Visualizing with UMAP

👉 Uniform manifold approximation and project (UMAP) is an alternative to t-SNE

🤓 Like t-SNE, UMAP attempts to find a low-dimensional (non-linear) representation of the data that preserves the distances between each point and its neighbours in the high-dimensional space

🤓 t-SNE and UMAP based on different mathematical theory

Visualizing with UMAP

set.seed(1100101001)

sce.zeisel <- runUMAP(sce.zeisel, dimred="PCA")

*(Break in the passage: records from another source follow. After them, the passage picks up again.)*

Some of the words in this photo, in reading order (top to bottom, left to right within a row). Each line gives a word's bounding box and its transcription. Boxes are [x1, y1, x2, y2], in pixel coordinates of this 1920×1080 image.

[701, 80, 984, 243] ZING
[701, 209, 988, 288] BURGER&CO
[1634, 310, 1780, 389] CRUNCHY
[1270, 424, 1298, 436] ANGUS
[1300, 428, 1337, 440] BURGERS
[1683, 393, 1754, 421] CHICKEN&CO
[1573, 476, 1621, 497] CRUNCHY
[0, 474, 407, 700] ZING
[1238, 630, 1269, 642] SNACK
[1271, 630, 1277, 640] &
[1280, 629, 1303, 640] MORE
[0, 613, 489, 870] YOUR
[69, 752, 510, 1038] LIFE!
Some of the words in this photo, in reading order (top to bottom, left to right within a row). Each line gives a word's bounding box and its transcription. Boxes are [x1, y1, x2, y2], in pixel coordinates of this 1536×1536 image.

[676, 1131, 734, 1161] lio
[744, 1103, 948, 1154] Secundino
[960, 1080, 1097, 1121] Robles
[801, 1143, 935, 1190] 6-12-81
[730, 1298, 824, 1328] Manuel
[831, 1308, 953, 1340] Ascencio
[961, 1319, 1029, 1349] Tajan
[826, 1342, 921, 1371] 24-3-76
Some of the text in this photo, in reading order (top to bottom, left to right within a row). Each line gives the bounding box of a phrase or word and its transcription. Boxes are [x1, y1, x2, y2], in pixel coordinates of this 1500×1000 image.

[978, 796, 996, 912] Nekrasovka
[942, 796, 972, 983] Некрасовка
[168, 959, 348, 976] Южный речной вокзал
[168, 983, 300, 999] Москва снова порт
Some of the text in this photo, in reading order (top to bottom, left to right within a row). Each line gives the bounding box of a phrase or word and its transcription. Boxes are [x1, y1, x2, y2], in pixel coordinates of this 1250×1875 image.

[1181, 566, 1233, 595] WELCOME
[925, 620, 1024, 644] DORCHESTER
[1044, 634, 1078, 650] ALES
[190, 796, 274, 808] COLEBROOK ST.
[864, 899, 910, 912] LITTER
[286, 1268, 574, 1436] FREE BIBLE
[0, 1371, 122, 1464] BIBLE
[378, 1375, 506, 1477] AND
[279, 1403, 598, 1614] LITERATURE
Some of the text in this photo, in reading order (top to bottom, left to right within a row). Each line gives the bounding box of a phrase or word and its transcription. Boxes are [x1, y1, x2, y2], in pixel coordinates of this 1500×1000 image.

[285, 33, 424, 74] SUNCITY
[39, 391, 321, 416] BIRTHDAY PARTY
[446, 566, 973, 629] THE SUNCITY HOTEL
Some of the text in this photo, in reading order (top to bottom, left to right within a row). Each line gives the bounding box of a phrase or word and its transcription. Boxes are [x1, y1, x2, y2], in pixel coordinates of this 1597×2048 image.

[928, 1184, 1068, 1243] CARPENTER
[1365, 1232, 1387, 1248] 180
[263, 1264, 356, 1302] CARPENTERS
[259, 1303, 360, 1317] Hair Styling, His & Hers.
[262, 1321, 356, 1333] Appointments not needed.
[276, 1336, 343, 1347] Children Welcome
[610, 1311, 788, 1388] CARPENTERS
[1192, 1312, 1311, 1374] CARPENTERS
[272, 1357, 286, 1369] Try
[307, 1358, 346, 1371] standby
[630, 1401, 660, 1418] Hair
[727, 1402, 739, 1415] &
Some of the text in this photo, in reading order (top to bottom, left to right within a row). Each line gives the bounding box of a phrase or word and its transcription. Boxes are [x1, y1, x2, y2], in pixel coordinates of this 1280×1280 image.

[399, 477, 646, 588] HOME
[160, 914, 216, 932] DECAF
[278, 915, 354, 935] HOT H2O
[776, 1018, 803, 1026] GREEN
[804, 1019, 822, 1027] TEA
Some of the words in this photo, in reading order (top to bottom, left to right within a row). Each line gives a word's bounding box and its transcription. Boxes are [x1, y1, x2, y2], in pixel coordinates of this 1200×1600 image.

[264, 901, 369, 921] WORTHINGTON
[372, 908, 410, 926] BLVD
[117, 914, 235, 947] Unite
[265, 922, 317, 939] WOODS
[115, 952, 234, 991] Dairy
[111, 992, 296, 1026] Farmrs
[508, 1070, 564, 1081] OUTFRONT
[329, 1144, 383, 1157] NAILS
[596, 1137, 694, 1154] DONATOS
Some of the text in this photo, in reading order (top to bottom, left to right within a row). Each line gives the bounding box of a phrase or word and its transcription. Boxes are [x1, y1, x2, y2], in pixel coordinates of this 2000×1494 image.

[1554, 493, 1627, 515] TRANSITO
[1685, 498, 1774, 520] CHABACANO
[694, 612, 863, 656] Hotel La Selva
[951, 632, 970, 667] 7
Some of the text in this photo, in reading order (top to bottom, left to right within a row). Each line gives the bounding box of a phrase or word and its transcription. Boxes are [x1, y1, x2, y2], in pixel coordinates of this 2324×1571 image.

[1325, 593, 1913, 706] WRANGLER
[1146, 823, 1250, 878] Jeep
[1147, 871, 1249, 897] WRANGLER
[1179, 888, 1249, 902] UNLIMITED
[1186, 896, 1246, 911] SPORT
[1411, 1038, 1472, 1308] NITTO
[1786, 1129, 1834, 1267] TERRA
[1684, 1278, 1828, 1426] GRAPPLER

plotReducedDim(sce.zeisel, dimred="UMAP",

colour_by="level1class")

👀 Compared to t-SNE, UMAP tends to have more compact visual clusters

ℹ️ Attempts to preserve more of the global structure than t-SNE

⏱️ Tends to be faster than t-SNE, which may be important for larger datasets, but difference disappears when applied to PCs

scater::runUMAP()

scater::plotReducedDim()

Challenges of visualizing with UMAP

set.seed(100)

sce.zeisel <- runUMAP(sce.zeisel, dimred="PCA",

n_neighbors=15)

plotReducedDim(sce.zeisel, dimred="UMAP",

colour_by="level1class")

❓ What happens if you re-run runUMAP() (without setting the seed)?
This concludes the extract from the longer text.